The European Foundation Centre (EFC) has written an open letter to the Italian EU presidency and EU governments urging the presidency to achieve results towards the enactment of a European Foundation Statute (EFS), which the EFC has advocated for several years.

The letter, also signed by the Donors and Foundations Network in Europe (DAFNE), says: “We are likely at a turning point in the negotiations on the EFS, given the progress made on this file over the past six months during the Greek EU presidency.

“To achieve decisive progress, however, five key questions will now need clear answers.”

The EFS proposal, currently going through the EU legislative process, establishes a constitution for a pan-European foundation (FE) operating across borders, removing the requirement for foundations operating in different jurisdictions to set up separate legal entities in each country.

It is supported by the industry because it would provide a single set of rules for European foundations, helping to reduce the costs and uncertainty involved in cross-border activities.

It could also stimulate cross-border donations, and provide a level of transparency and accountability to individual foundations set up under its framework. 



It would not, however, replace existing national laws, but would be optional and complementary.

The European foundation sector disburses €100bn annually and employs 1m people, with more than double that number working as volunteers.

The final step in the process to create a regulation will be a vote by all 28 EU member states, which must be unanimously in favour for the proposal to become law.

The EFS proposal has gone through a long process of refinement to maximise the chances of success at the final hurdle.

The current text is the seventh version since the European Commission unveiled the original proposal in February 2012.

In particular, the proposal’s tax provisions were removed after proving a major obstacle to progress.

Emmanuelle Faure, European affairs senior officer at the EFC, said: “We take stock of developments and progress at the beginning of each EU presidency, as they lead the negotiations on the file.

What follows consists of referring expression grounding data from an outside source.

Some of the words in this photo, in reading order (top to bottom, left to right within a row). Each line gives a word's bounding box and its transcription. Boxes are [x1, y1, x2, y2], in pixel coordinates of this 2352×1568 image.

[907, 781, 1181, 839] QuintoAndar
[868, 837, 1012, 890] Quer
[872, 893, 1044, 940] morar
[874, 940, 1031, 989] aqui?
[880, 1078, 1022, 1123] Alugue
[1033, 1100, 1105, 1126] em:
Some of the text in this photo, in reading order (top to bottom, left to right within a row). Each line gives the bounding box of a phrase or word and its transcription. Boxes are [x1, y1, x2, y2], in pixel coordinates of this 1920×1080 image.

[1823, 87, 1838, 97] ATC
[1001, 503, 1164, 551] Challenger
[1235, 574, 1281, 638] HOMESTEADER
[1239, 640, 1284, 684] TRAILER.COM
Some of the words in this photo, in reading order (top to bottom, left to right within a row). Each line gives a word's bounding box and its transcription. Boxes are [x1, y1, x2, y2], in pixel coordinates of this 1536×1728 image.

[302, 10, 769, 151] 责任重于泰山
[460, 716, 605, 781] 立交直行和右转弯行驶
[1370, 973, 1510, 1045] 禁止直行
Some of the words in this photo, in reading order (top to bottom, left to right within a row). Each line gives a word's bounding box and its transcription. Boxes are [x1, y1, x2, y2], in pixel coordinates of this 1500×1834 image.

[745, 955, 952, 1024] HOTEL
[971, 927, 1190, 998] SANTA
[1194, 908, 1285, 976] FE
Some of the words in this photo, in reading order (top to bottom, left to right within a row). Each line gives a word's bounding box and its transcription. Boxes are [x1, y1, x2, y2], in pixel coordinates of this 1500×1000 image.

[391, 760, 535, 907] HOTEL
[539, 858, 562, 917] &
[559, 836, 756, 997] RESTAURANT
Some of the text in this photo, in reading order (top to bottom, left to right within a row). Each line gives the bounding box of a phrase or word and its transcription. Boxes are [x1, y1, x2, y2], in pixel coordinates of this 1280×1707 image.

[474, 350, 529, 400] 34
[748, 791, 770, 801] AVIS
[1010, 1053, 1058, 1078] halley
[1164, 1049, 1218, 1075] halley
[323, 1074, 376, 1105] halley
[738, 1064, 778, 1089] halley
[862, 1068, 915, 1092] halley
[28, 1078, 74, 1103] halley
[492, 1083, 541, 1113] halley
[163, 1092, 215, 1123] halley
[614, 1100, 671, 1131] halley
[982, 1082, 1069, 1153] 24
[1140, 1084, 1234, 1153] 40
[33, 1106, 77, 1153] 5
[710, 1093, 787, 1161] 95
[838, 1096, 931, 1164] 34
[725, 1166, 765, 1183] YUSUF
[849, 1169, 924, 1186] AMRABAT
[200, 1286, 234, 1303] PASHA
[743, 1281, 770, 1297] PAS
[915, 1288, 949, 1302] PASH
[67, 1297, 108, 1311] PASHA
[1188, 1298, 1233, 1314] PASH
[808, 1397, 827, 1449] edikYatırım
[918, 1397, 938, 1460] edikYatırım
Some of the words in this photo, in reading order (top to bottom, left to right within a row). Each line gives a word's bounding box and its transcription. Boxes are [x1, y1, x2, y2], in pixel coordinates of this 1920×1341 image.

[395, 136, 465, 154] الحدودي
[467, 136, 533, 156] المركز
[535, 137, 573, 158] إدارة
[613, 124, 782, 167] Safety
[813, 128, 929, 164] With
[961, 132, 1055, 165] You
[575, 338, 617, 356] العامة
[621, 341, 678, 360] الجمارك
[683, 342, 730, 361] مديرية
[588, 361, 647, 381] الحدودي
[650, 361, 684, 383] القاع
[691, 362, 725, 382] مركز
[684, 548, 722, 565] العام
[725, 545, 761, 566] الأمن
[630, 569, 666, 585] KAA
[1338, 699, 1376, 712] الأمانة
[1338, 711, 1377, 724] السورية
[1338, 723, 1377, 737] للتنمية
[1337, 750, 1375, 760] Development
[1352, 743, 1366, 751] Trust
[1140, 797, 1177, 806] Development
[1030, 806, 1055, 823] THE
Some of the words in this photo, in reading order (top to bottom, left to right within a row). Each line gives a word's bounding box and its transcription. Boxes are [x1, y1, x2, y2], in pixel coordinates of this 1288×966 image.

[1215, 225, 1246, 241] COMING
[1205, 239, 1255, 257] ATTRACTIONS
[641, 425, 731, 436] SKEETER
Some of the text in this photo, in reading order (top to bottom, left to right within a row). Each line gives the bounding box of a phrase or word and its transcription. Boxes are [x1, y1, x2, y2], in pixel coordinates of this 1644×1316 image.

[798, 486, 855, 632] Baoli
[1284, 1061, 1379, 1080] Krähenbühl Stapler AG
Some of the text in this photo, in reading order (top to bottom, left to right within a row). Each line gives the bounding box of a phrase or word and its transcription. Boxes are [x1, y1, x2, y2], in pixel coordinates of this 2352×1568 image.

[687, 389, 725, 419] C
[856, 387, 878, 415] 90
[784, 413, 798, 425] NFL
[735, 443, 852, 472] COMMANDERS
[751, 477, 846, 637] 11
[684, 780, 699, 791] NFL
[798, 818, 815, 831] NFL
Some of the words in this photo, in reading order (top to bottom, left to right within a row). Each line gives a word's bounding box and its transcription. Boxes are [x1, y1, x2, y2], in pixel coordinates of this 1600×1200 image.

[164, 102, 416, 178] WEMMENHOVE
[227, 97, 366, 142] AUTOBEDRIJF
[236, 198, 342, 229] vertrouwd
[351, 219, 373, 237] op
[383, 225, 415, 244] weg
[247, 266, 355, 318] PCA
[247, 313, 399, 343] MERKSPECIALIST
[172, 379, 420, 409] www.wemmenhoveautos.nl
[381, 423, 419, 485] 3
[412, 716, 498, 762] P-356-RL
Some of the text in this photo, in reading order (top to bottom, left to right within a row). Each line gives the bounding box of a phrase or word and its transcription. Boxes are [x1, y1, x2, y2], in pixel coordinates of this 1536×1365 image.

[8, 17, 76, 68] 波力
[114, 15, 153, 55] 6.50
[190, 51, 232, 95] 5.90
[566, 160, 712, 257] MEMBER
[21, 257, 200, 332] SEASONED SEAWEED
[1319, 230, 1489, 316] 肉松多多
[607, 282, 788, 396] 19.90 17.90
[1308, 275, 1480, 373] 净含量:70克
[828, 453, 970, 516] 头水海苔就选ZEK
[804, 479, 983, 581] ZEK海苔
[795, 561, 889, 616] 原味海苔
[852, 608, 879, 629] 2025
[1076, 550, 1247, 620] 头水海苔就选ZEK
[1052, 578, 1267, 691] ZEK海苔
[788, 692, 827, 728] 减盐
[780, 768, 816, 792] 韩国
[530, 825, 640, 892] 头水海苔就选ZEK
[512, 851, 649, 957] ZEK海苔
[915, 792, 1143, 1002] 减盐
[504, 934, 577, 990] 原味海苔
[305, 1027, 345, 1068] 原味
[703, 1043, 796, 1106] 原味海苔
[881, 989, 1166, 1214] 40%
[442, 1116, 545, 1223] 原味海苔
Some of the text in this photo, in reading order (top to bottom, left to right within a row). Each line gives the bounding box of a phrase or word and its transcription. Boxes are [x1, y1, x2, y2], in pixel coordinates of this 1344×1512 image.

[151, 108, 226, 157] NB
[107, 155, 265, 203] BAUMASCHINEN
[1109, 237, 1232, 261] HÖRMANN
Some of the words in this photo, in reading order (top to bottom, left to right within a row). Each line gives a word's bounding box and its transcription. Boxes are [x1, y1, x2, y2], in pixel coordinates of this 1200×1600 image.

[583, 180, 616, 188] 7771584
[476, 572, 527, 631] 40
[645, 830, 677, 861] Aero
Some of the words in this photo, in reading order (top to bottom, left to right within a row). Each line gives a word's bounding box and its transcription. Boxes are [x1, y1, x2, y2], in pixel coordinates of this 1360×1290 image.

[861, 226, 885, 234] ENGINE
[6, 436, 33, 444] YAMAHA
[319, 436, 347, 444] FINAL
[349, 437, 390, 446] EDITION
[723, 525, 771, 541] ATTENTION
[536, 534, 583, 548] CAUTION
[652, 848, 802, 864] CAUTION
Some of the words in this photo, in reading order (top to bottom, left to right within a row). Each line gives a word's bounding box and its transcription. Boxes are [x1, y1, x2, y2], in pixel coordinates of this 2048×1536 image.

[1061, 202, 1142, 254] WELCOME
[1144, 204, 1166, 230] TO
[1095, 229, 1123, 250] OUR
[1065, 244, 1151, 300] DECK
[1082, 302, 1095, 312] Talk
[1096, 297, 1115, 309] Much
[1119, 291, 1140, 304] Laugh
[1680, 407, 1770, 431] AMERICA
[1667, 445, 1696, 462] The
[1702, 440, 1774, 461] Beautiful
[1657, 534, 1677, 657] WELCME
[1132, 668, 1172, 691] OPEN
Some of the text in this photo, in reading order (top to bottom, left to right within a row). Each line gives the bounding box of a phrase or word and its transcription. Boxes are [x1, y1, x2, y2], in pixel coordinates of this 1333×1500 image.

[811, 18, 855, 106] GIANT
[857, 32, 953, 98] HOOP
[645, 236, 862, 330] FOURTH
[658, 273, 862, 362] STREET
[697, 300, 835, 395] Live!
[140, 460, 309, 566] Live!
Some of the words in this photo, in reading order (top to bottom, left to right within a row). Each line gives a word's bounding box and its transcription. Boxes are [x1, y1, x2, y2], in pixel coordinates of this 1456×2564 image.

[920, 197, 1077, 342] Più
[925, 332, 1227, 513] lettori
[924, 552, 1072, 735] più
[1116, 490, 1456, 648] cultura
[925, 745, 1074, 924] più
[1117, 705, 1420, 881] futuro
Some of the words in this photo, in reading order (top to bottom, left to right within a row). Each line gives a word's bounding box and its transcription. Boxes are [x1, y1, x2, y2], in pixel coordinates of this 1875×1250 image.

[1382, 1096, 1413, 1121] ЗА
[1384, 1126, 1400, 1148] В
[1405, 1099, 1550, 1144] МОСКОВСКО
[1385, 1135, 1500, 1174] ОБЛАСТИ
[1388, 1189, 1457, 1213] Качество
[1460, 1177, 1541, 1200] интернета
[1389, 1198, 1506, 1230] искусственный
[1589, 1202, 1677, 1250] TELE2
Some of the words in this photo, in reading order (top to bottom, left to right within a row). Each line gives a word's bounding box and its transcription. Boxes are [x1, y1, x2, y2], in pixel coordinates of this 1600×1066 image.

“There’s been a lot of work and engagement from the Greek EU presidency in the first half of 2014. Building on the good dynamic and concrete outcome of negotiations, the Italian EU presidency can now lead the discussion to a fruitful conclusion.”

The questions the letter says must be answered include the issue of whether the EU should still require a unanimous vote of member states to pass the EFS, and whether the perceived slow uptake of previous EU company laws precludes adopting a European statute for foundations pursuing general interest purposes.

A further question is whether austerity measures at the national level are a major stumbling block to a new law seen more as an administrative cost than a return on investment to society.

The letter says: “This would be all the more astonishing in particular in those countries that have a highly developed charity sector, and where large sections of community services are co-run by foundations.”

A question as to whether it matters that a European foundation has a starting capital of €25,000 or €50,000, when its aim is to benefit the public at large, refers to the minimum level of assets an FE must have and maintain throughout its life-span, which has become a critical issue.

The final question challenges the situation that, while there is unanimous agreement within the EU for more transparency via compulsory information storage for all types of entity, registration for future European foundations is still an issue in some countries.

The letter ends: “Both the EFC and DAFNE are urging member states to adopt the proposal in due course.

“A solution is every bit as possible as it is necessary. It takes the shape of a simple tool that is not only about better regulation but first and foremost about being responsive to citizens and society’s needs.”